INPUT DATA START

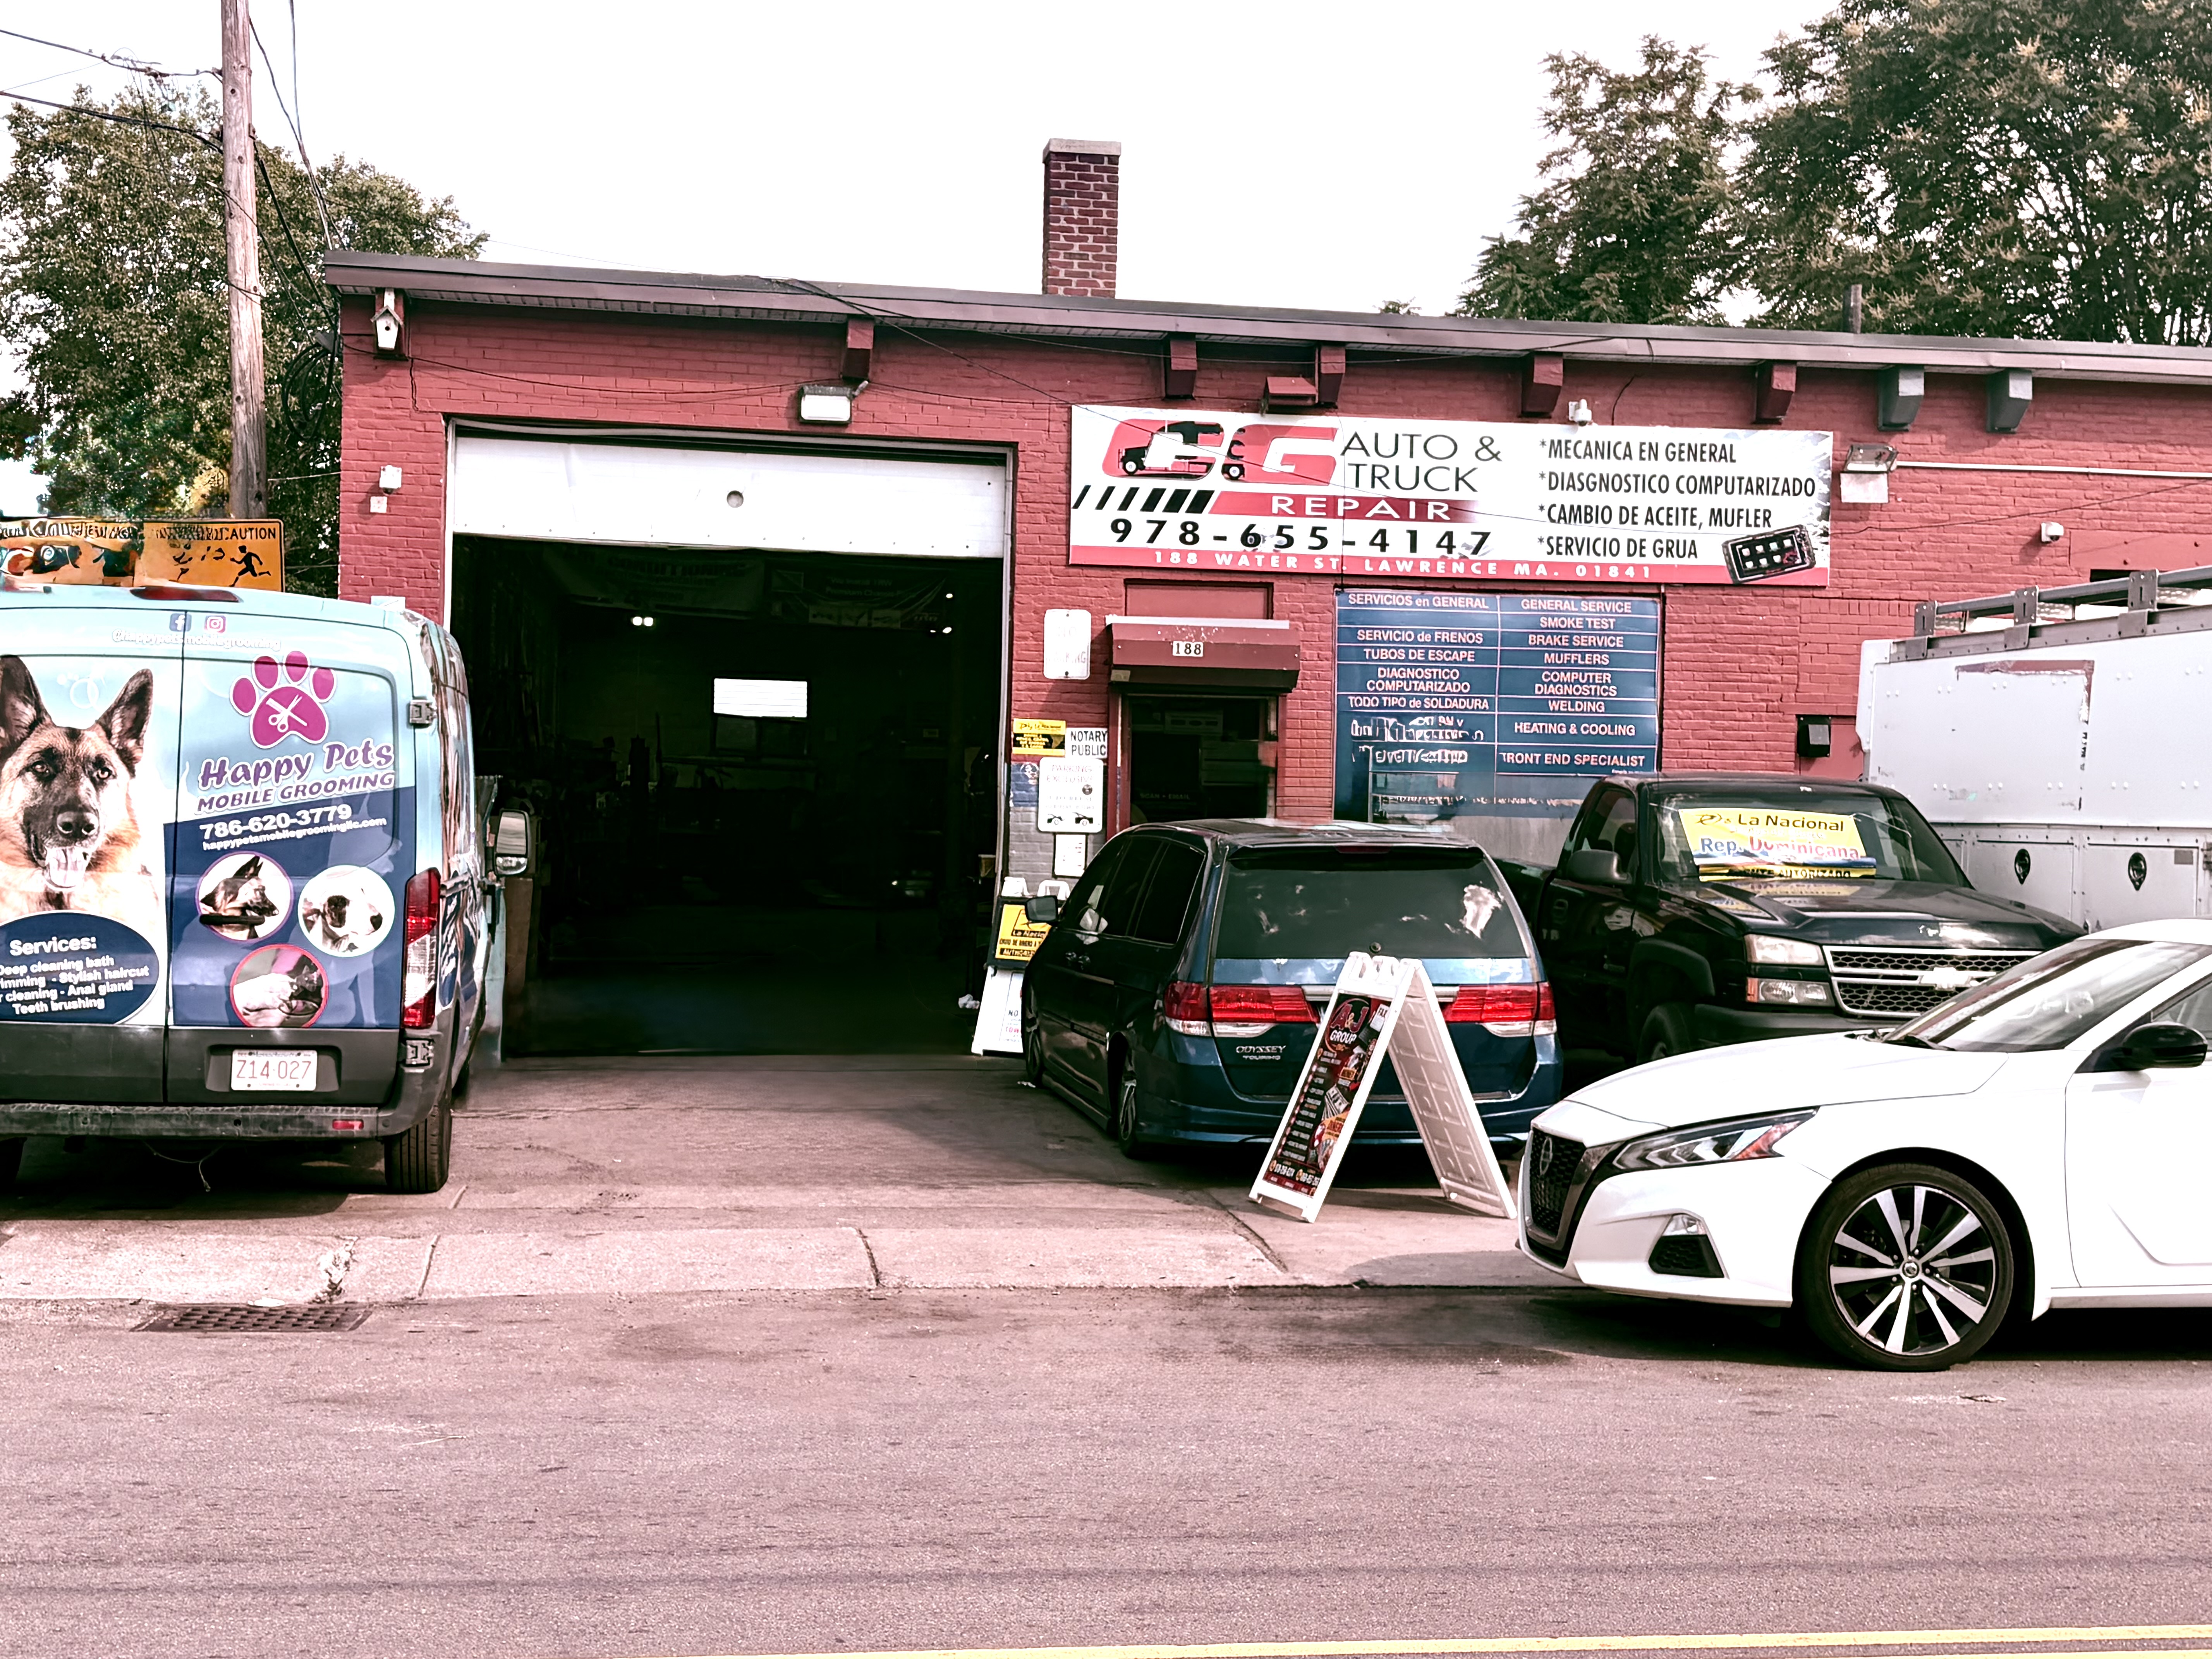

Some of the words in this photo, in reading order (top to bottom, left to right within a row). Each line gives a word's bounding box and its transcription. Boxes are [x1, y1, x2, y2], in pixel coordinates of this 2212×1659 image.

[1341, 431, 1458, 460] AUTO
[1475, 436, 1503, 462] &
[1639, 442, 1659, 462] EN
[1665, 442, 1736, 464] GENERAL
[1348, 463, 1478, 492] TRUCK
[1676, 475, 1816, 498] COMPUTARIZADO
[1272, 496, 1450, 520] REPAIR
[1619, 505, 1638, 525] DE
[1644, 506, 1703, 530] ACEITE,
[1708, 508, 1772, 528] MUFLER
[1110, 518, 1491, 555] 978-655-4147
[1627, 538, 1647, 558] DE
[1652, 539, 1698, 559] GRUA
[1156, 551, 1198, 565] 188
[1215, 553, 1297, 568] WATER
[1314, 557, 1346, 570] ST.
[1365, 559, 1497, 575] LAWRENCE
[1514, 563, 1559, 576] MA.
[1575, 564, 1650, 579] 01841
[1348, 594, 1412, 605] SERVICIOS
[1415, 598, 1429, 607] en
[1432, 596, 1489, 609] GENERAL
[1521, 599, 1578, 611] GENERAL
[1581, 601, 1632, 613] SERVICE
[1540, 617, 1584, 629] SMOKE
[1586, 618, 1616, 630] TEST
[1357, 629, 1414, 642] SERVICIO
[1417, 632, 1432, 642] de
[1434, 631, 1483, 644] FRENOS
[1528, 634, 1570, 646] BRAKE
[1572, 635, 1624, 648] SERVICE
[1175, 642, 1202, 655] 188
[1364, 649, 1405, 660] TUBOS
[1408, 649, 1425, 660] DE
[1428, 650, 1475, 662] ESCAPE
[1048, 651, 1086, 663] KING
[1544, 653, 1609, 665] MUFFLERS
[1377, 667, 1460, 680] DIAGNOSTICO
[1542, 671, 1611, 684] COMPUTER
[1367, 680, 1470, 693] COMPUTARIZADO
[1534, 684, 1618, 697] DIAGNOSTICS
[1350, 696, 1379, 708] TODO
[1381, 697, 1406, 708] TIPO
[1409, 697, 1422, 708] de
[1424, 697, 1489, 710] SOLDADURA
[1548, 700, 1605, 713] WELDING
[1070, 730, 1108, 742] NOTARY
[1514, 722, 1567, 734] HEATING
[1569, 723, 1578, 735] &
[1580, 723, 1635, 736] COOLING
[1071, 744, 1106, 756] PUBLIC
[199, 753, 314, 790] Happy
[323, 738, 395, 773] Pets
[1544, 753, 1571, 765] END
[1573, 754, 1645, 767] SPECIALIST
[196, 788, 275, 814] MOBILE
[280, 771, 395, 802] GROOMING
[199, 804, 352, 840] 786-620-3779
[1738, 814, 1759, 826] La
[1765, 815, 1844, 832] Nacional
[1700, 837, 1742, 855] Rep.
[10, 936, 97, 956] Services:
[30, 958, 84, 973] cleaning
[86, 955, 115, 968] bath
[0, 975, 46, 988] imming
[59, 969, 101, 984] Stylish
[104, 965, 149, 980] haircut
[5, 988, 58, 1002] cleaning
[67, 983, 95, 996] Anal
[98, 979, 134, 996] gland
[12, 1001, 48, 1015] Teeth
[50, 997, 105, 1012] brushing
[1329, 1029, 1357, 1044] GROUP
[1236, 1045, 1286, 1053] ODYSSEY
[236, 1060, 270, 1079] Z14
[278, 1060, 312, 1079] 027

INPUT DATA END

EXERCISE DIRECTIONS: Repeat the records word for word. Any picture in them should be left out.

FINAL ANSWER:
Some of the words in this photo, in reading order (top to bottom, left to right within a row). Each line gives a word's bounding box and its transcription. Boxes are [x1, y1, x2, y2], in pixel coordinates of this 2212×1659 image.

[1341, 431, 1458, 460] AUTO
[1475, 436, 1503, 462] &
[1639, 442, 1659, 462] EN
[1665, 442, 1736, 464] GENERAL
[1348, 463, 1478, 492] TRUCK
[1676, 475, 1816, 498] COMPUTARIZADO
[1272, 496, 1450, 520] REPAIR
[1619, 505, 1638, 525] DE
[1644, 506, 1703, 530] ACEITE,
[1708, 508, 1772, 528] MUFLER
[1110, 518, 1491, 555] 978-655-4147
[1627, 538, 1647, 558] DE
[1652, 539, 1698, 559] GRUA
[1156, 551, 1198, 565] 188
[1215, 553, 1297, 568] WATER
[1314, 557, 1346, 570] ST.
[1365, 559, 1497, 575] LAWRENCE
[1514, 563, 1559, 576] MA.
[1575, 564, 1650, 579] 01841
[1348, 594, 1412, 605] SERVICIOS
[1415, 598, 1429, 607] en
[1432, 596, 1489, 609] GENERAL
[1521, 599, 1578, 611] GENERAL
[1581, 601, 1632, 613] SERVICE
[1540, 617, 1584, 629] SMOKE
[1586, 618, 1616, 630] TEST
[1357, 629, 1414, 642] SERVICIO
[1417, 632, 1432, 642] de
[1434, 631, 1483, 644] FRENOS
[1528, 634, 1570, 646] BRAKE
[1572, 635, 1624, 648] SERVICE
[1175, 642, 1202, 655] 188
[1364, 649, 1405, 660] TUBOS
[1408, 649, 1425, 660] DE
[1428, 650, 1475, 662] ESCAPE
[1048, 651, 1086, 663] KING
[1544, 653, 1609, 665] MUFFLERS
[1377, 667, 1460, 680] DIAGNOSTICO
[1542, 671, 1611, 684] COMPUTER
[1367, 680, 1470, 693] COMPUTARIZADO
[1534, 684, 1618, 697] DIAGNOSTICS
[1350, 696, 1379, 708] TODO
[1381, 697, 1406, 708] TIPO
[1409, 697, 1422, 708] de
[1424, 697, 1489, 710] SOLDADURA
[1548, 700, 1605, 713] WELDING
[1070, 730, 1108, 742] NOTARY
[1514, 722, 1567, 734] HEATING
[1569, 723, 1578, 735] &
[1580, 723, 1635, 736] COOLING
[1071, 744, 1106, 756] PUBLIC
[199, 753, 314, 790] Happy
[323, 738, 395, 773] Pets
[1544, 753, 1571, 765] END
[1573, 754, 1645, 767] SPECIALIST
[196, 788, 275, 814] MOBILE
[280, 771, 395, 802] GROOMING
[199, 804, 352, 840] 786-620-3779
[1738, 814, 1759, 826] La
[1765, 815, 1844, 832] Nacional
[1700, 837, 1742, 855] Rep.
[10, 936, 97, 956] Services:
[30, 958, 84, 973] cleaning
[86, 955, 115, 968] bath
[0, 975, 46, 988] imming
[59, 969, 101, 984] Stylish
[104, 965, 149, 980] haircut
[5, 988, 58, 1002] cleaning
[67, 983, 95, 996] Anal
[98, 979, 134, 996] gland
[12, 1001, 48, 1015] Teeth
[50, 997, 105, 1012] brushing
[1329, 1029, 1357, 1044] GROUP
[1236, 1045, 1286, 1053] ODYSSEY
[236, 1060, 270, 1079] Z14
[278, 1060, 312, 1079] 027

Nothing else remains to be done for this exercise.